Principal Investigator
Research Students
Sam Thornton
Ji Dai
Project Description

 

This project focuses on improving the accuracy of object recognition and situational awareness of connected and autonomous vehicles by having multiple vehicles and smart street IoTs (like smart lights and smart intersections) combine their sensor data through a mobile edge computing (MEC) node located at a nearby roadside unit (RSU). A vehicle, even one with the most sophisticated array of sensors, can only perceive a limited area around itself; this vision is further impacted by possible adverse weather and light conditions and occlusions created by the presence of other road users, like other vehicles and pedestrians, as well as buildings and road infrastructure. To address the above challenge, we are developing a novel collaborative vehicular vision approach, where multiple vehicles (and smart street IoTs) share their sensor data at a RSU MEC node, and through multi-modal data fusion and analytics, a constantly updated representation of the environment surrounding the vehicles can be created and used by the vehicles to better recognize the objects in its surroundings.

 

This shared and timely environment representation aims to offer connected and autonomous vehicles a more comprehensive understanding of both close and distant road conditions, thus improving the safety and efficiency of driving.
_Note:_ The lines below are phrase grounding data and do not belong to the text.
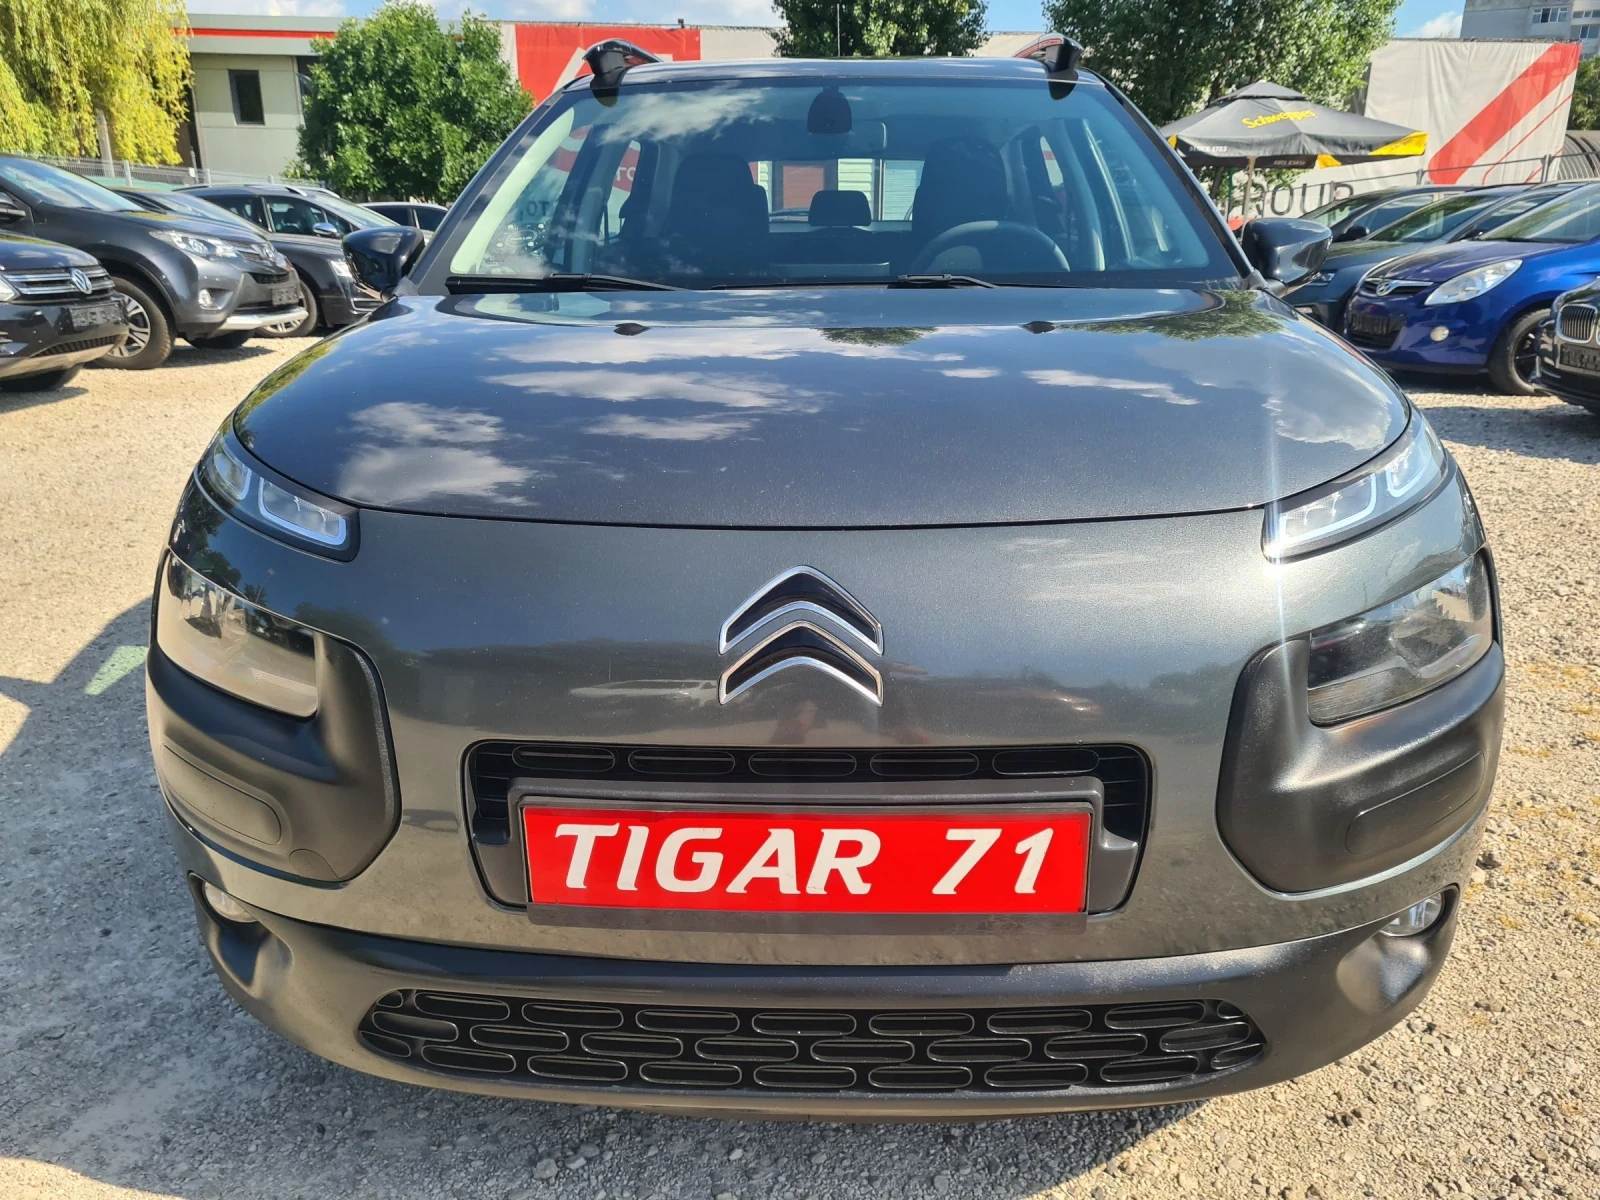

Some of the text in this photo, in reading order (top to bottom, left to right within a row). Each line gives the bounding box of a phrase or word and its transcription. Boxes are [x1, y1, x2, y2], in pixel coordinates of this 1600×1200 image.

[1241, 109, 1317, 129] Schweppes
[554, 823, 1054, 895] TIGAR 71
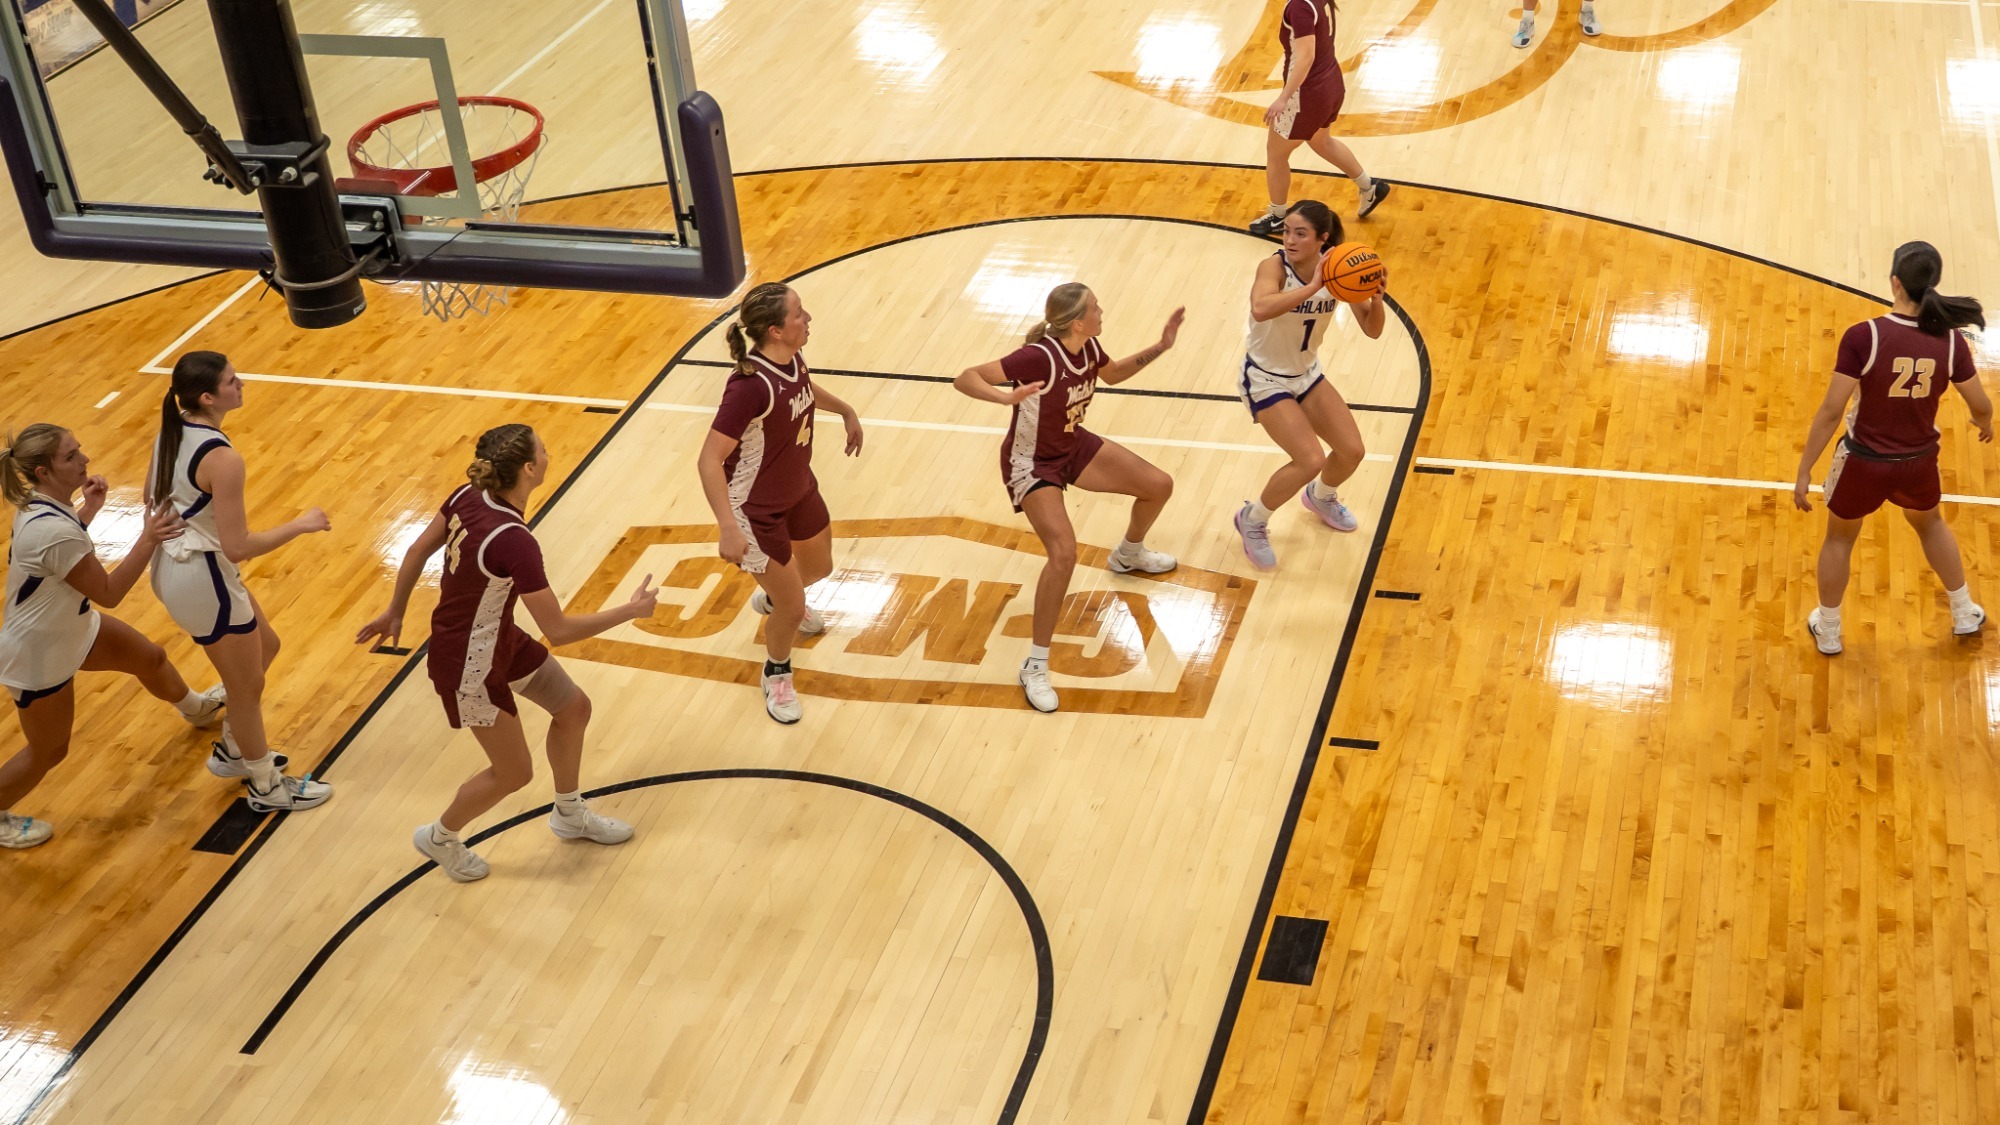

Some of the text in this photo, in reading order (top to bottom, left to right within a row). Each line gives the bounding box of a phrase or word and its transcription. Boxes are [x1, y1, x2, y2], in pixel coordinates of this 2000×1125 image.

[1346, 252, 1380, 267] Wilson
[1300, 318, 1317, 352] 1
[1888, 356, 1936, 399] 23
[789, 382, 815, 422] Walsh
[795, 413, 811, 447] 4
In the first phase of the project, we are using camera, GPS, and IMU sensor data shared by vehicles. Subsequently, we plan to use other types of vehicular sensor data, like radar, lidar, and data from other smart street IoTs.

 

An example scenario highlighting the advantage of such a system is depicted in the figure below. The figure shows RSUs consisting of small cells and MECs covering a set of roads and vehicles. In particular, we can see vehicle 1 and vehicle 2 in the area covered by RSU3 (SC/MEC-3) sharing their data at MEC3. Vehicle 1 can detect a set of objects in front of itself that are too far away from or are being occluded from vehicle 2. Through collaborative vision at the MEC node, vehicle 2 will now be informed about the location of these objects (shown by the dotted arrows). While this example scenario shows two vehicles, our project will enable MEC-based collaborative vehicular vision between multiple vehicles and smart street IoTs, extending the benefit beyond data sharing between two vehicles.